Each line in the material below must be transcribed exactly; no picture belongs in the copy.
*** Opening MATERIAL SUPPLIED ***
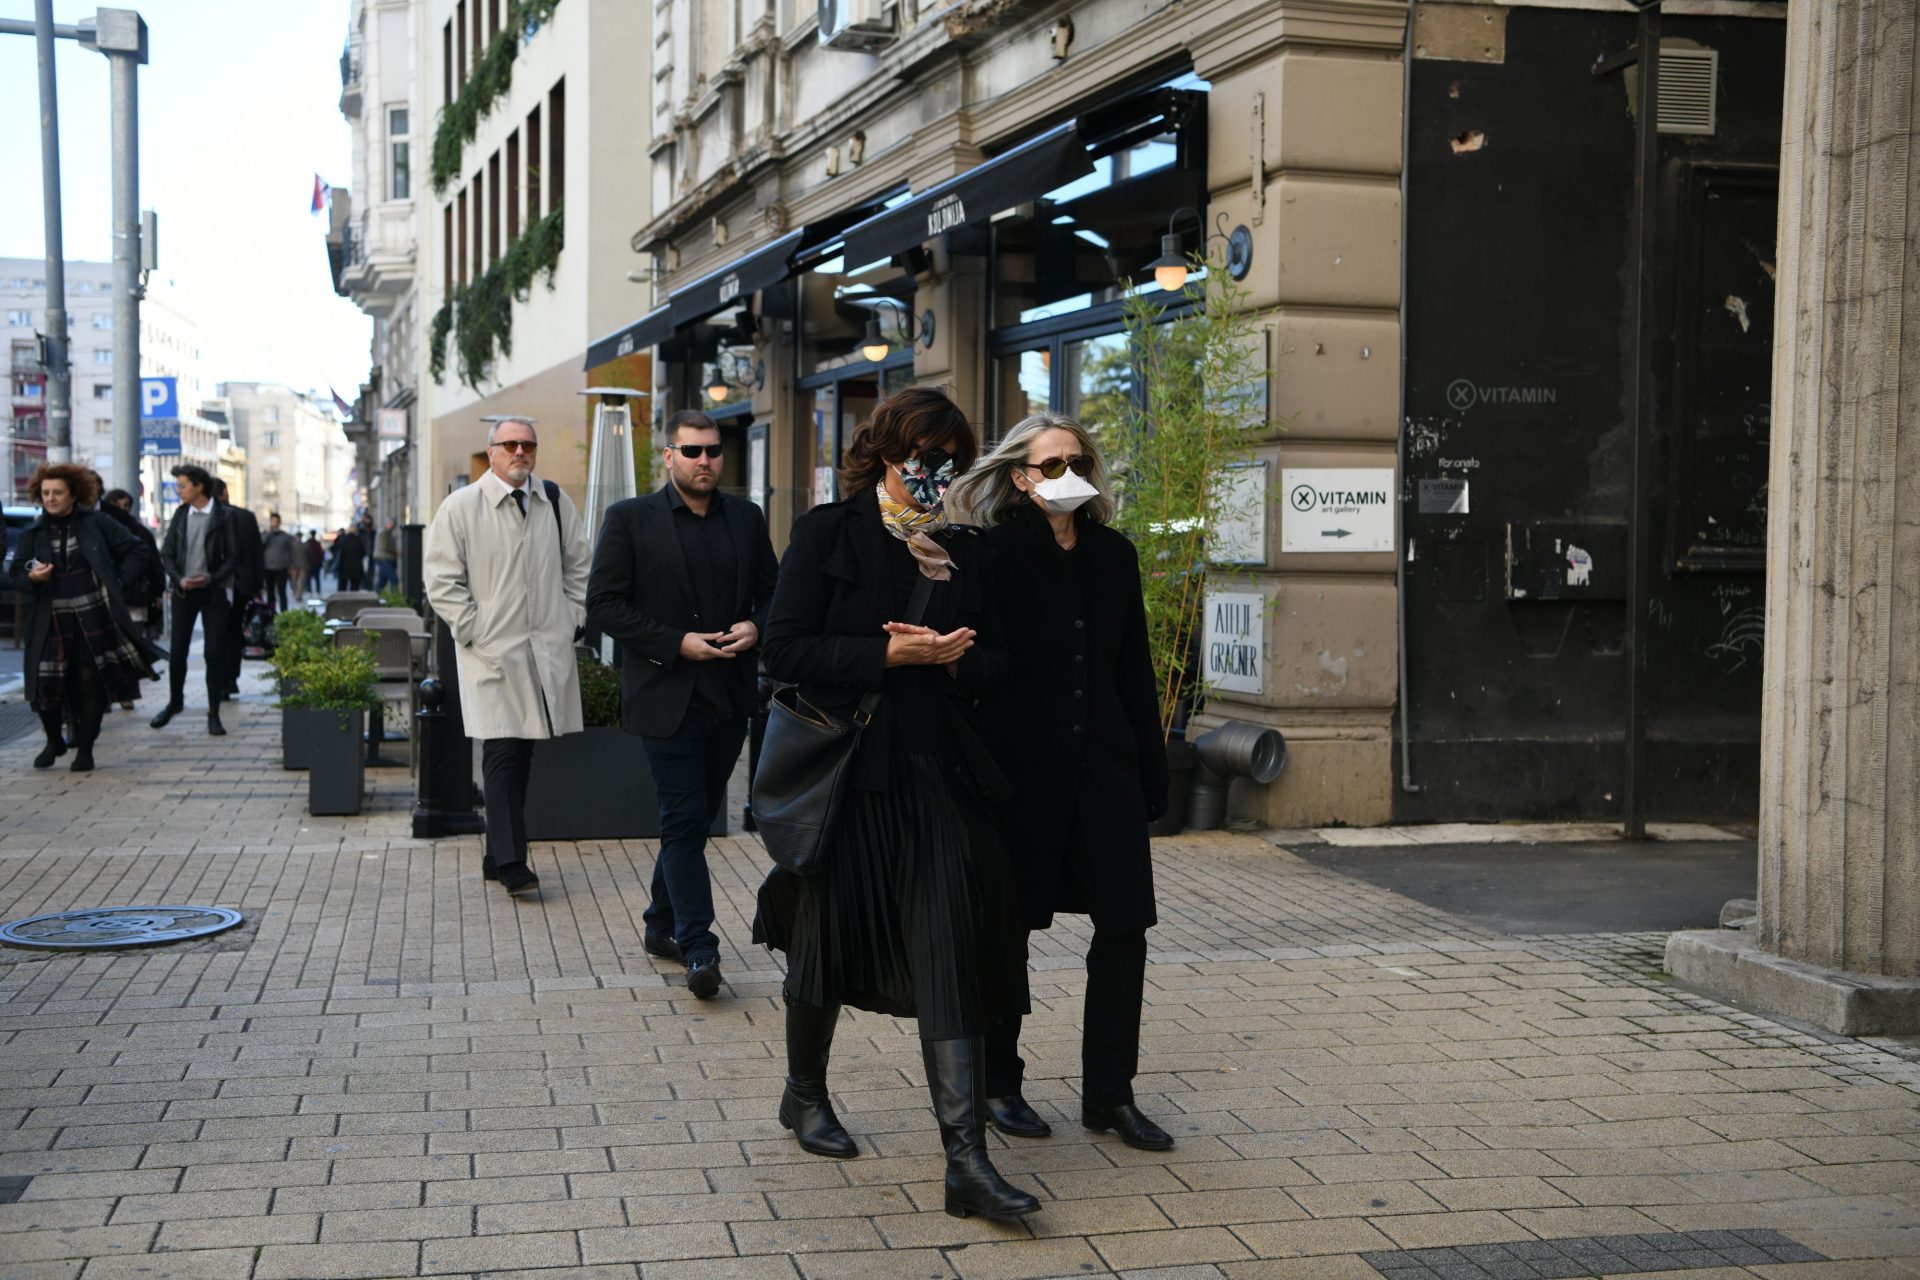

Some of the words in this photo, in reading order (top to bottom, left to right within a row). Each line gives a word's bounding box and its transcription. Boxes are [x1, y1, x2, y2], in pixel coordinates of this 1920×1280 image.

[142, 380, 168, 415] P
[1478, 387, 1556, 403] VITAMIN
[1318, 491, 1386, 505] VITAMIN
[1334, 505, 1361, 514] gallery
[1210, 639, 1258, 678] GRAČNER
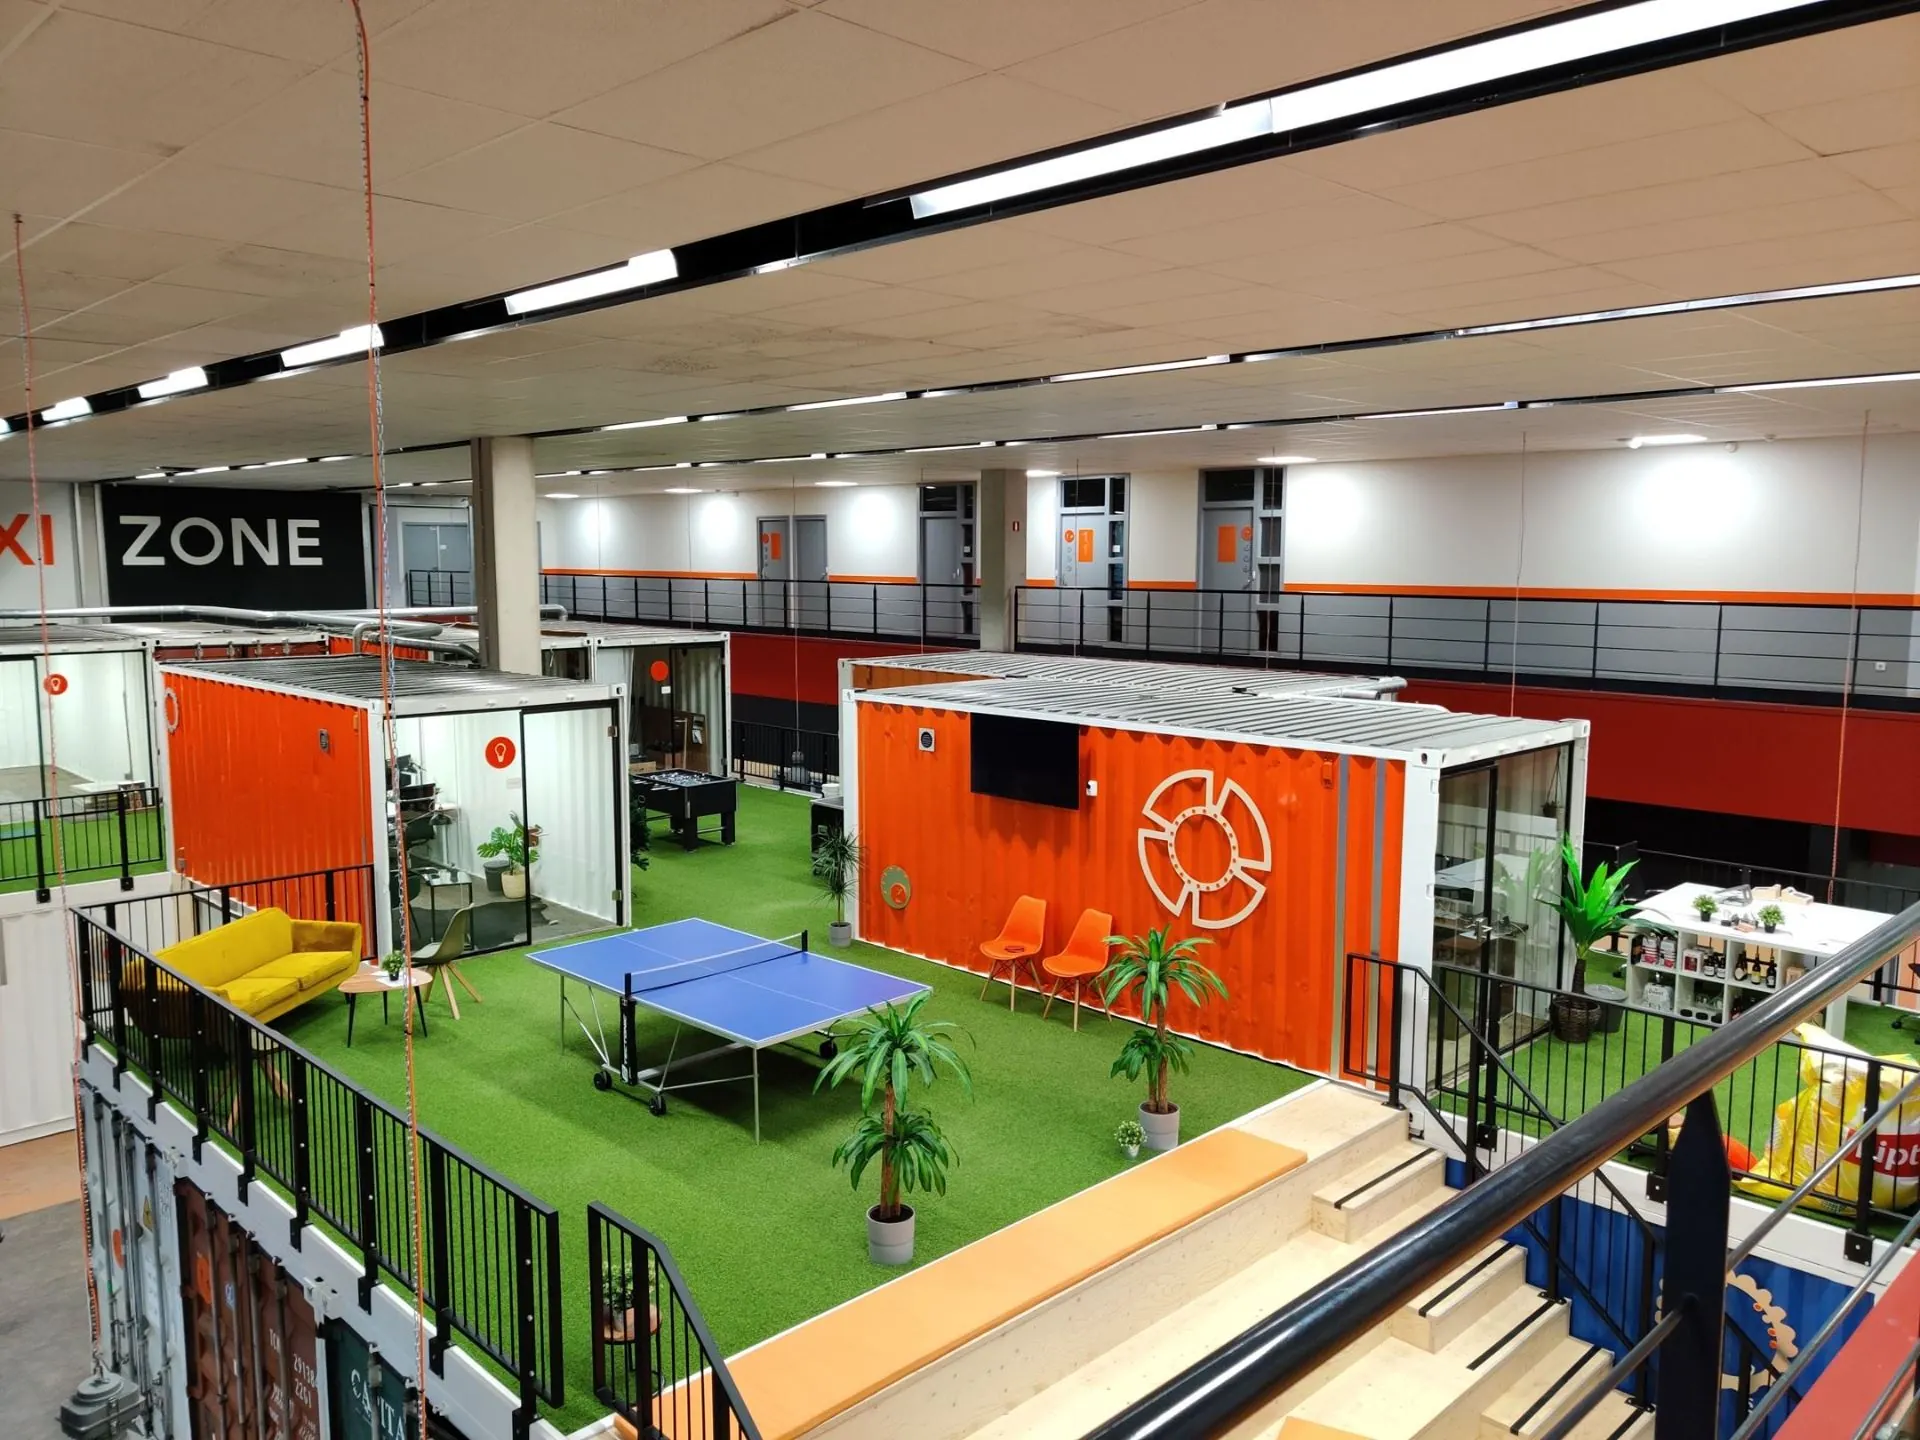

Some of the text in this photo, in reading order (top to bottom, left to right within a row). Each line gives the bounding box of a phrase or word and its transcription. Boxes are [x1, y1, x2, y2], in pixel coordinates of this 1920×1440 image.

[0, 513, 54, 566] XI
[119, 515, 323, 566] ZONE
[351, 1368, 406, 1440] CAITA
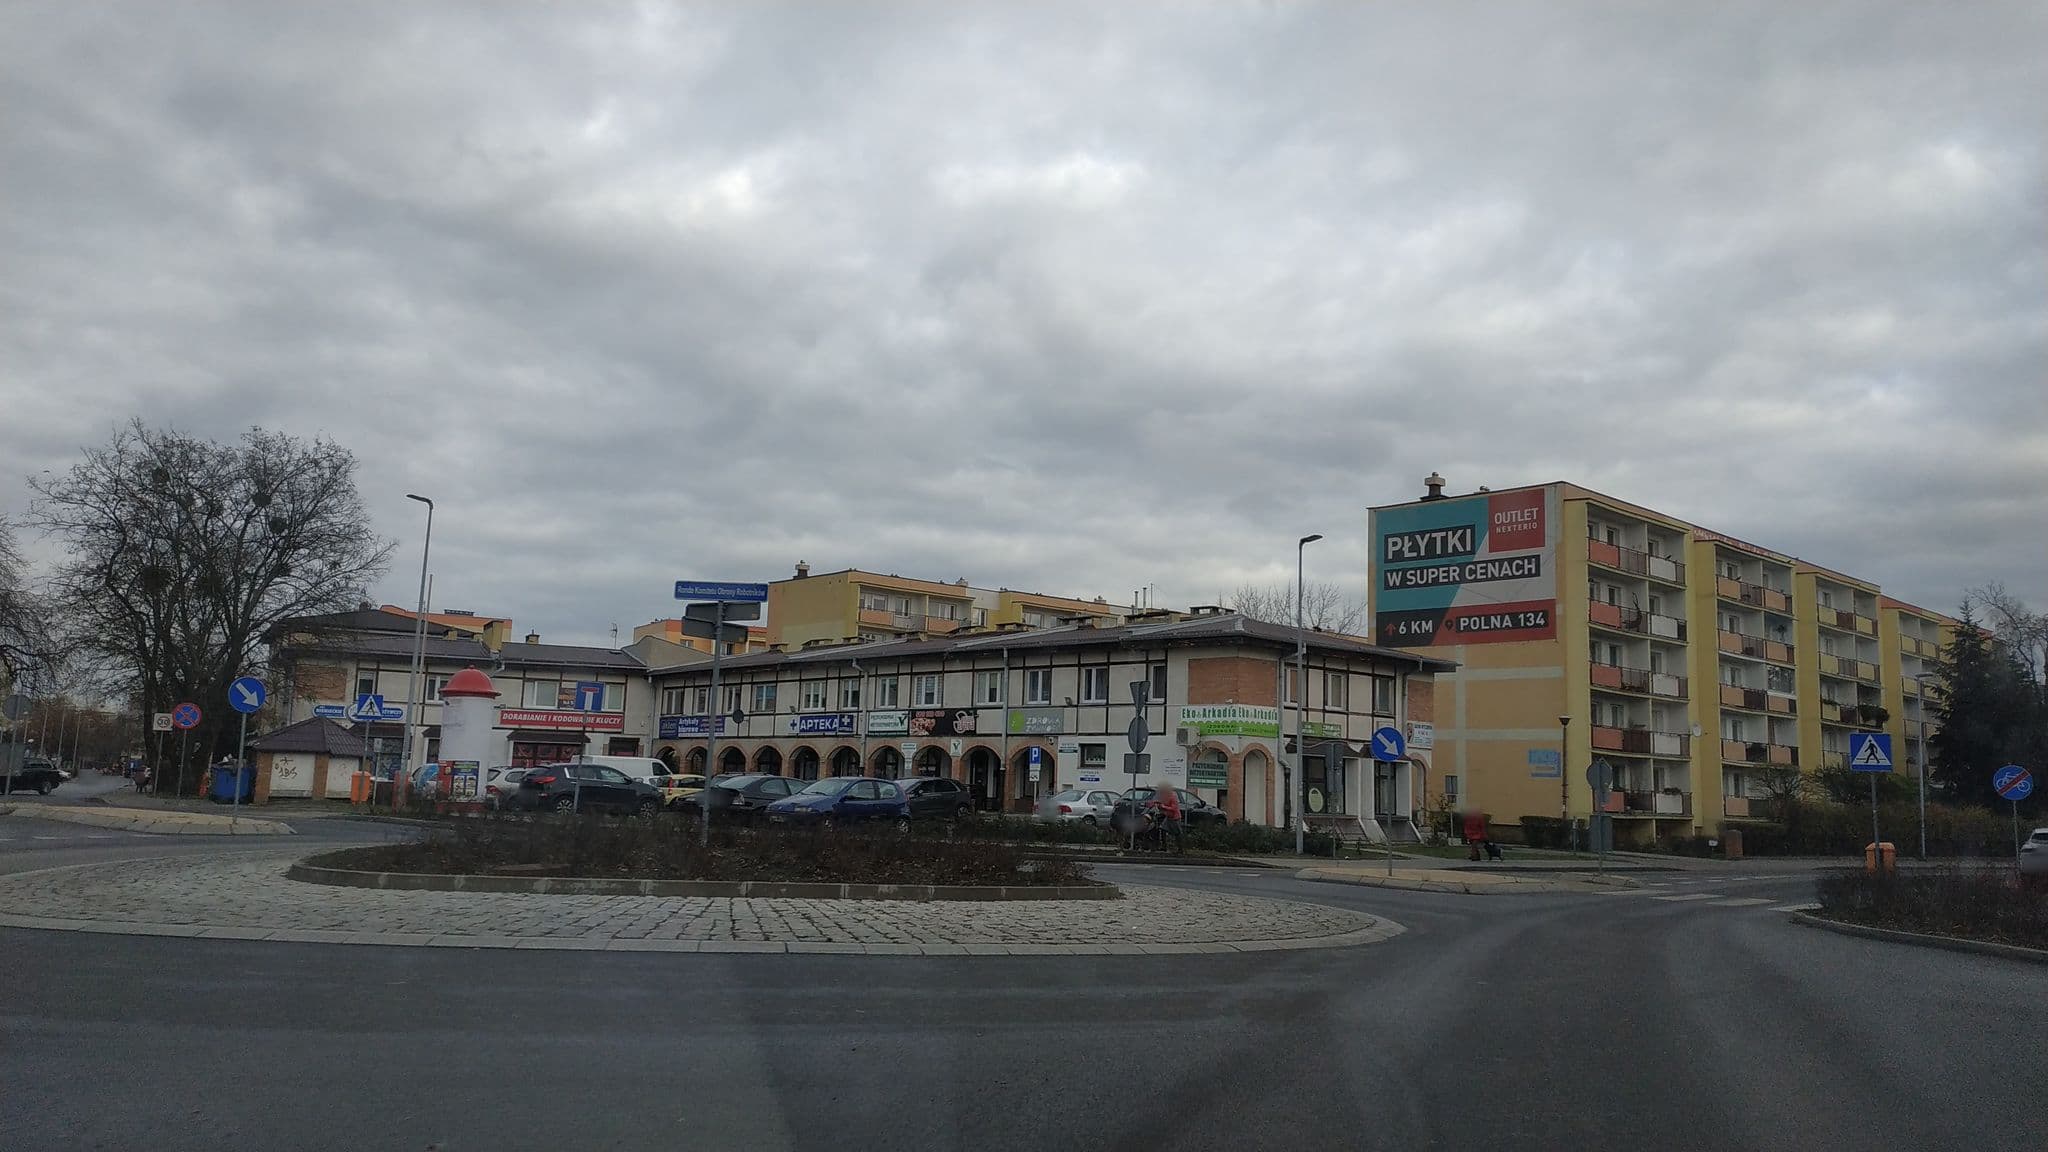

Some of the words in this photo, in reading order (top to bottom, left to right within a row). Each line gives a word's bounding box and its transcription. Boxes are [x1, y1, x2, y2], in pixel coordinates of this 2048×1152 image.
*** Closing MATERIAL SUPPLIED ***
EXERCISE OUTPUT:
Some of the words in this photo, in reading order (top to bottom, left to right within a row). Each line gives a word's bounding box and its transcription. Boxes are [x1, y1, x2, y2], in pixel coordinates of this 1920×1280 image.

[142, 380, 168, 415] P
[1478, 387, 1556, 403] VITAMIN
[1318, 491, 1386, 505] VITAMIN
[1334, 505, 1361, 514] gallery
[1210, 639, 1258, 678] GRAČNER

Some of the text in this photo, in reading order (top to bottom, left to right within a row). Each line gives the bounding box of a phrase or word and its transcription. Boxes are [x1, y1, x2, y2], in pixel coordinates of this 1920×1440 image.

[0, 513, 54, 566] XI
[119, 515, 323, 566] ZONE
[351, 1368, 406, 1440] CAITA

Some of the words in this photo, in reading order (top to bottom, left to right within a row). Each line gives a word's bounding box and its transcription. Boxes are [x1, y1, x2, y2], in pixel coordinates of this 2048×1152 image.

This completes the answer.